Each year that we go, we learn more about the island. Our research and a wonderful concierge named Lou at the White Elephant have shown us parts of the island that we have come to love which keep us coming back year after year. It took us 3 years to finally rent a car for a day to go exploring. That was good and bad. Bad because apparently we were too lazy to leave the downtown shops and restaurants and explore and good because we had enough to do for 3 years before ever needing to leave downtown. Believe me, renting a bike was never in the cards for us. Too old. But most people do. There are bike rentals all over the docks and no reservations are necessary. You can rent by the hour or the day. The island is full of wonderful bike paths to take and you can easily tour the entire island by bike in a day. That just wasn't for us.

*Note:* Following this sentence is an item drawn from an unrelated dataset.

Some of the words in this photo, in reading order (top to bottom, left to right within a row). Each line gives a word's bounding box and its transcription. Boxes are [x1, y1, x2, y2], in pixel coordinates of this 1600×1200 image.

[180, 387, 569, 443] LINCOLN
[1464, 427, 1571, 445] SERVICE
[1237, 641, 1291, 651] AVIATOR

However, last year when we rented a car for the day it was the best day I've had anywhere in a long while. To begin with, the rates for car rentals are cheaper in the off season as well, another perk. Since it was off season, I didn't make a reservation in advance, but waited until I spoke to the concierge. Good thing I did because he hooked us up with a great rental and gave us a coupon to boot. We used Affordable Rentals which is just around the corner from the White Elephant. They have a wide variety of cars available from the always popular Jeeps to Mini Coopers to the more basic and very cheap Kia that we rented. We paid $60 for the car that we were able to keep for 24 hours. The White Elephant has a small and free parking lot right across the street from the main entrance which made having a car especially convenient.

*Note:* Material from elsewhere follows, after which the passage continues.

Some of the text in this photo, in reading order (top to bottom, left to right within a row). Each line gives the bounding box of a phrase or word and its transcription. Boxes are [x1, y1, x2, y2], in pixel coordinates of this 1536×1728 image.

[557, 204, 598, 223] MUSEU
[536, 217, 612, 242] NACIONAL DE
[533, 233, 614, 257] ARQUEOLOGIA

After getting bottles of water, beach towels and beach chairs from the front desk at the White Elephant, we set out for a beautiful day exploring the island. We had a list of places we wanted to find after reading about them in Elin Hilderbrand's books. We drove around downtown orienting ourselves and checking out the beautiful old homes that had been there for centuries. We quickly figured out there are only a few main roads and all lead back to the same location. We finally found a main road out of town and headed out towards the ocean to discover beaches and surf that would scare the best surfers.
After getting out to explore the wind first hand, we wound up driving past the most beautiful cemetery at the top of a bluff overlooking the sea. What a peaceful location. Our first main stop was Bartlett Farm. This is a huge farm but it's also a grocery store with an attached greenhouse. Everything was so fresh and wonderful. We bought hand made sandwiches from the deli for our day at the beach, sampled the pies that had just been made fresh, bought stoneware, perused the flowers and plants outside and didn't want to leave. If I lived on that island, I would buy my lunch fresh there everyday.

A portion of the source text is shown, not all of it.